A developer created an account, opened a dashboard, copied keys into .env, configured a database, wired auth, added analytics, and deployed the app. Some of that work lived in Git. Some lived in provider dashboards. Some lived in shell history. A lot lived nowhere durable at all.
That model is changing.
Coding agents can now set up more of the application stack directly. They can initialize projects, provision databases, attach auth, create analytics projects, rotate credentials, and sync environment variables. Stripe Projects is one visible example of this shift: a CLI workflow for adding third-party services, managing credentials, handling upgrades, and giving coding agents the same command path humans use.
That is useful. It is also a new audit problem.
When an agent provisions infrastructure, teams need to answer simple questions later:
- What changed?
- Which service was added?
- Which credential flow happened?
- Which local project state changed?
- What did the CLI report?
- What can be verified without reopening every provider dashboard?

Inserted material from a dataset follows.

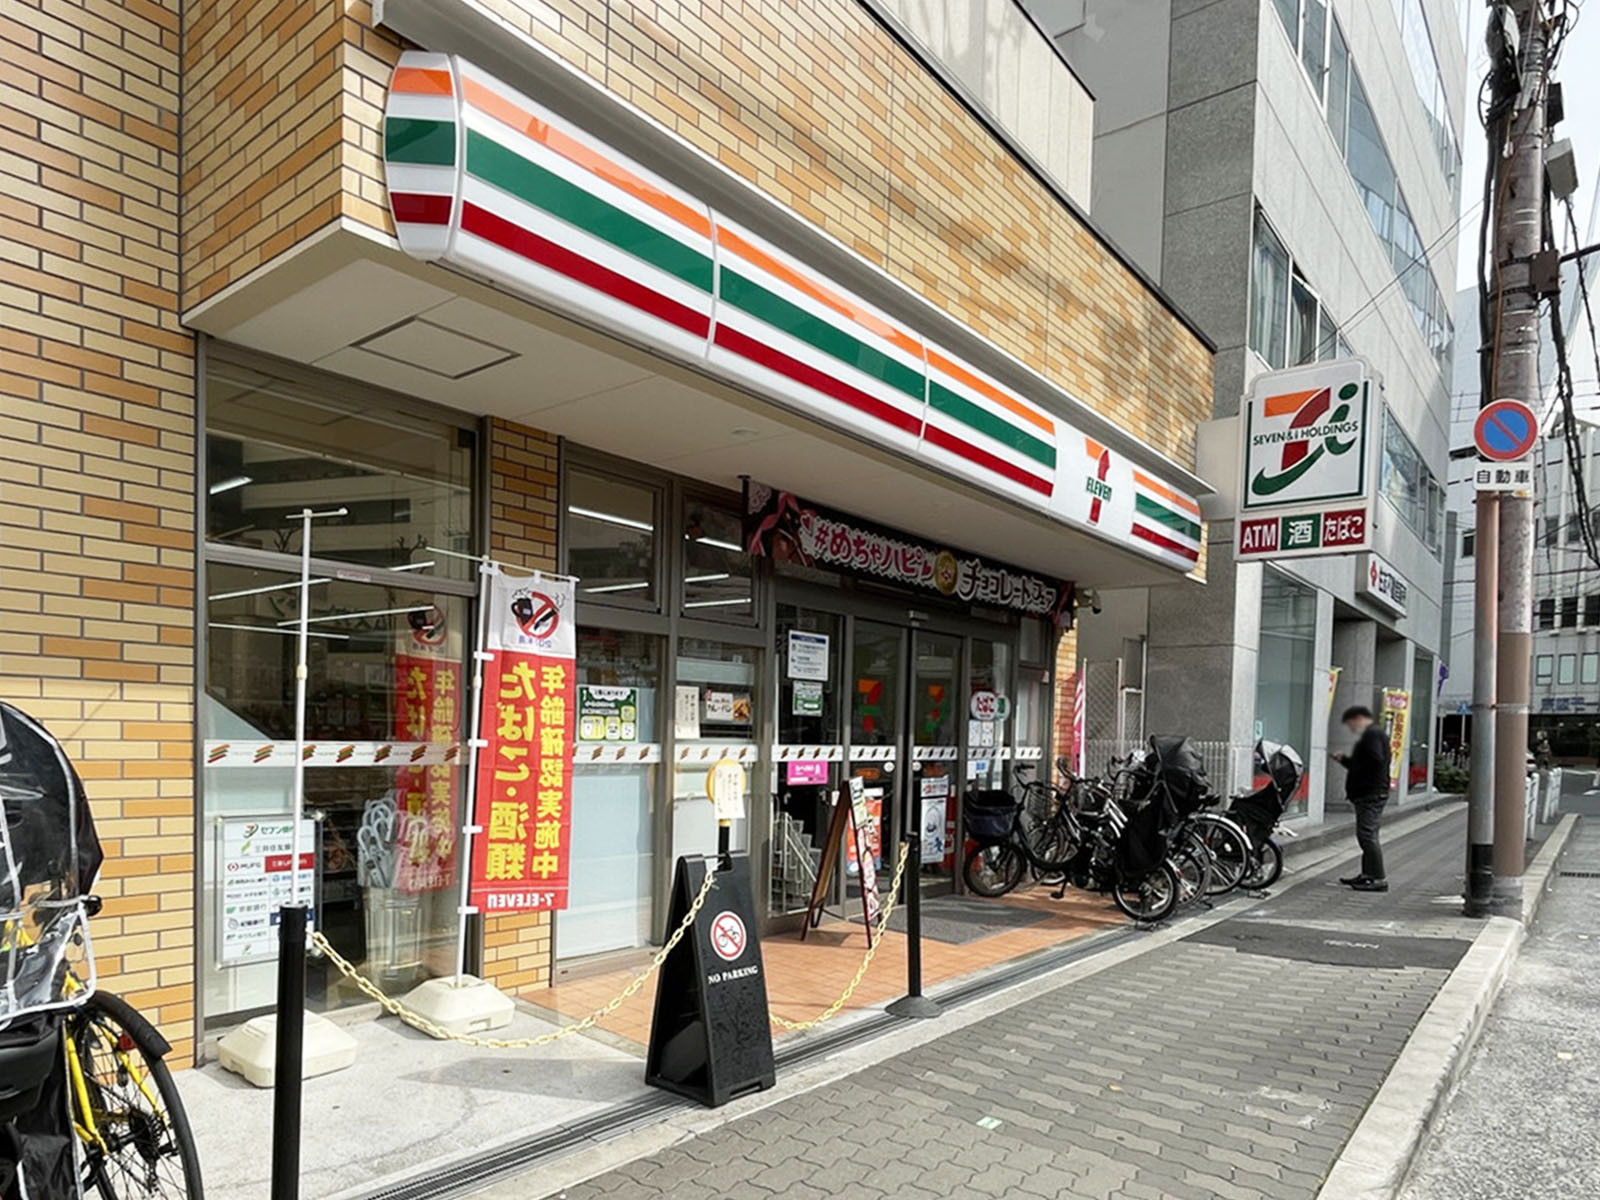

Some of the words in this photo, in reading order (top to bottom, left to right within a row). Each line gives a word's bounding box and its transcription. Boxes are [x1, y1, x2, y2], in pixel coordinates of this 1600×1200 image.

Logs help, but logs usually stay where they were produced. They are often local, partial, mutable, or tied to a specific vendor's system.
Provisioning needs a portable record layer.
What PEAC does not do
- PEAC does not store credentials, secrets, or runtime tokens.
- PEAC does not run vendor accounts, replace cloud control planes, or take over CLIs.
- PEAC does not orchestrate provisioning, retry failed operations, or roll back changes.
- PEAC does not assert that a provisioning action was authorized, only that it was observed.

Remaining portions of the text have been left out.